▸ Exercise brief
What is needed here is an exact transcription of all the entries.

▸ Stored data entries
********

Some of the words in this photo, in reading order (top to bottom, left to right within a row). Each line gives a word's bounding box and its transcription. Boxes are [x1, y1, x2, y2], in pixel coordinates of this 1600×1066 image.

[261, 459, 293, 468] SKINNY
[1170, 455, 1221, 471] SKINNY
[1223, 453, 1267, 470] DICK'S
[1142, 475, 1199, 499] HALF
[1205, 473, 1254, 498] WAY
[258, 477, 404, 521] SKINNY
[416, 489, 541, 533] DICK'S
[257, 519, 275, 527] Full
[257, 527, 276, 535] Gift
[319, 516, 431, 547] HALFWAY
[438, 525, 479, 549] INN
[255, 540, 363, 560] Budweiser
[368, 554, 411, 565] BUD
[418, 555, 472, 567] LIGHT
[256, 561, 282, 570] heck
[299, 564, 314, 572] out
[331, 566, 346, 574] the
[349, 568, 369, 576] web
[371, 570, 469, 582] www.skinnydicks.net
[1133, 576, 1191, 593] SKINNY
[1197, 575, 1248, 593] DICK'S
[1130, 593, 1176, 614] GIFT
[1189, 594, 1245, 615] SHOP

********

▸ Written solution
Some of the words in this photo, in reading order (top to bottom, left to right within a row). Each line gives a word's bounding box and its transcription. Boxes are [x1, y1, x2, y2], in pixel coordinates of this 1600×1066 image.

[261, 459, 293, 468] SKINNY
[1170, 455, 1221, 471] SKINNY
[1223, 453, 1267, 470] DICK'S
[1142, 475, 1199, 499] HALF
[1205, 473, 1254, 498] WAY
[258, 477, 404, 521] SKINNY
[416, 489, 541, 533] DICK'S
[257, 519, 275, 527] Full
[257, 527, 276, 535] Gift
[319, 516, 431, 547] HALFWAY
[438, 525, 479, 549] INN
[255, 540, 363, 560] Budweiser
[368, 554, 411, 565] BUD
[418, 555, 472, 567] LIGHT
[256, 561, 282, 570] heck
[299, 564, 314, 572] out
[331, 566, 346, 574] the
[349, 568, 369, 576] web
[371, 570, 469, 582] www.skinnydicks.net
[1133, 576, 1191, 593] SKINNY
[1197, 575, 1248, 593] DICK'S
[1130, 593, 1176, 614] GIFT
[1189, 594, 1245, 615] SHOP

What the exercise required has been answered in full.